Who will win the corporate space race?
While contemplating the future of the internet back in 2000, when the dotcom
bust sent share prices plummeting, Bezos’s ambitions went through the stratosphere. He secretly started making rocket ships.
Through the endeavours of his Texas-based Blue Origin aerospace company, which is currently building a rocket manufacturing centre in Cape Canaveral, he’s taking on billionaire innovative rivals Elon Musk and Sir Richard Branson and is intent on winning the corporate space race. Bezos has just powered up his efforts after cashing in almost US$1 billion worth of Amazon shares in early 2017, according to filings with the US Securities and Exchange Commission.
"While contemplating the future of the internet back in 2000, Bezos’s ambitions went through the stratosphere. He secretly started making rocket ships."

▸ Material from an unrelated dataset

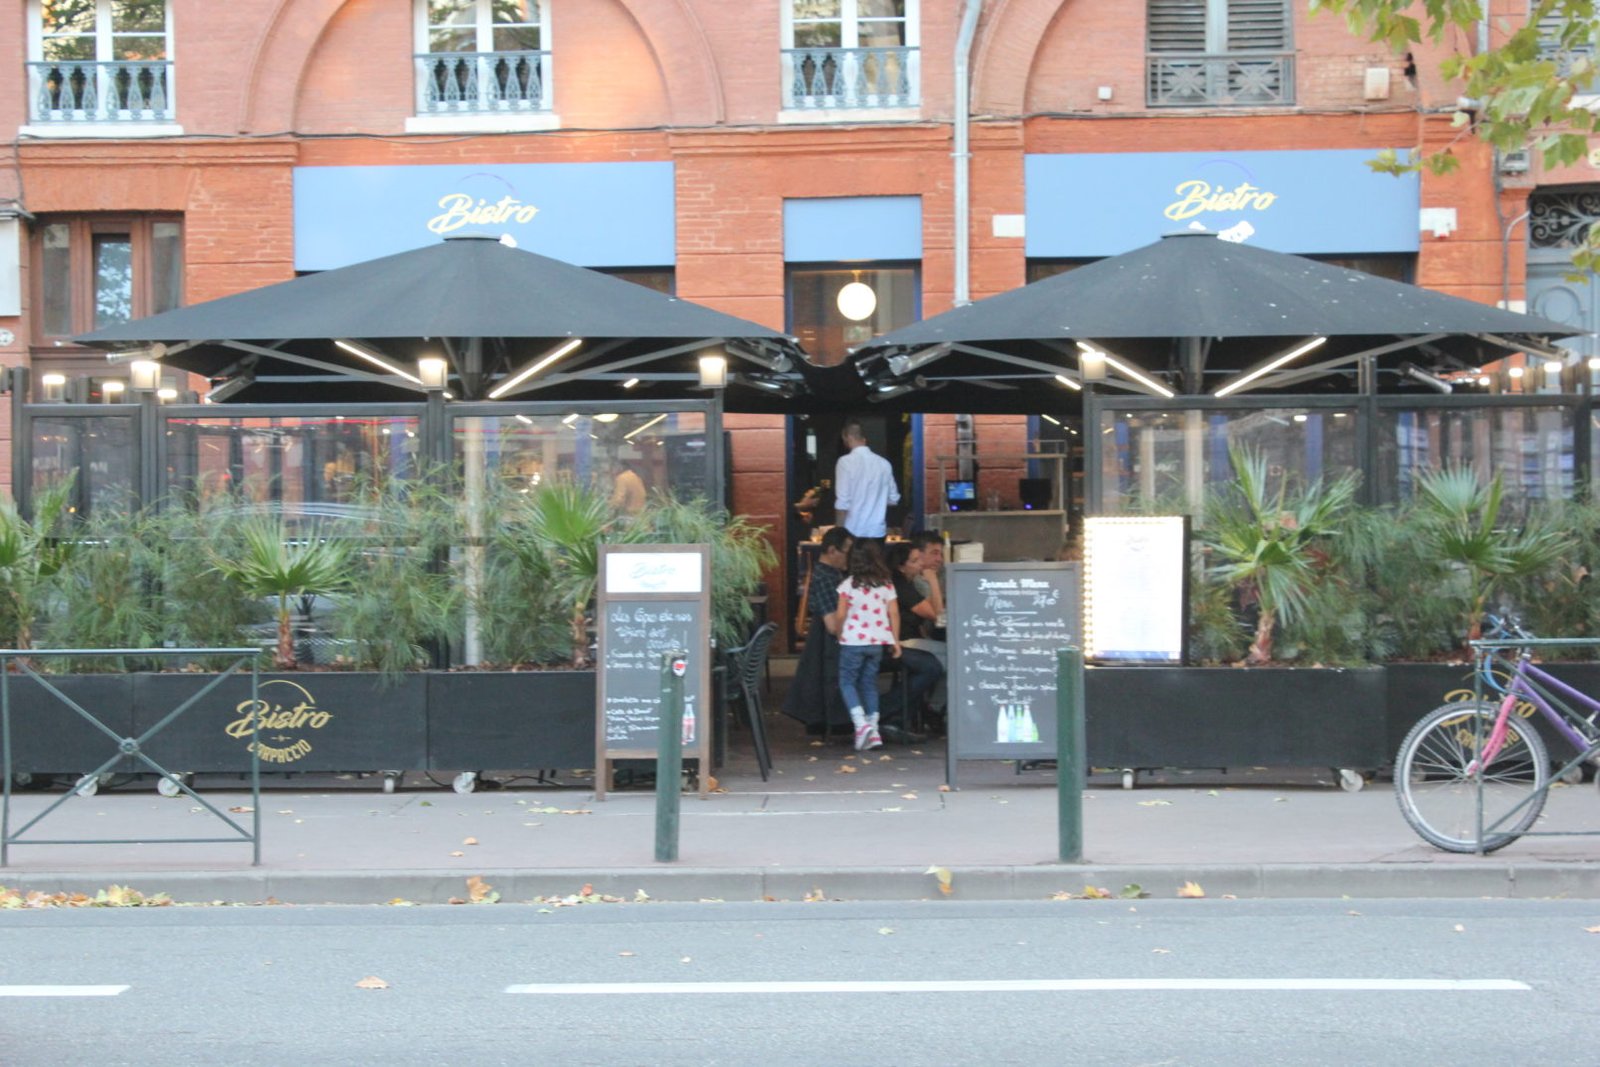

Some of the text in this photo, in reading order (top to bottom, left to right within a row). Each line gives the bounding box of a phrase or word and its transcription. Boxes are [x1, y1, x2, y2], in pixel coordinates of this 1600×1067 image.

[427, 193, 540, 234] Bistro
[1163, 180, 1279, 221] Bistro
[225, 699, 334, 739] Bistro

Space continues to be a private obsession, one that springs from a childhood devotion to the Star Trek television series and from the encouragement of his maternal grandfather, a one-time director of the US Atomic Energy Commission. A wall at Amazon HQ features a transcript of the communications between the moon-landing astronauts of Apollo 11 and mission control in 1969.

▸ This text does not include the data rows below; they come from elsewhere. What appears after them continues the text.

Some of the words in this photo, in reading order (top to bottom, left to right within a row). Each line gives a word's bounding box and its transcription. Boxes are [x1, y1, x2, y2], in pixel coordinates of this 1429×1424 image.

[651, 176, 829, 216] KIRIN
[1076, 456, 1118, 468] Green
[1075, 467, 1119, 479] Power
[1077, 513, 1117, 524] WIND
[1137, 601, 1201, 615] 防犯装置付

Today Bezos works one day a week as head of Blue Origin, which has a familiar ethos as it aims to lower the cost of space travel with reusable rockets and get in first with a commercial astro-tourism voyage in 2018. “If we can make access to space low-cost, then entrepreneurs will be unleashed,” Bezos told the 33rd Space Symposium in Colorado in April. “You will see creativity, you will see dynamism, you will see the same thing in space that I’ve witnessed on the internet in the last 20 years.” People, it’s time to prepare for lift off.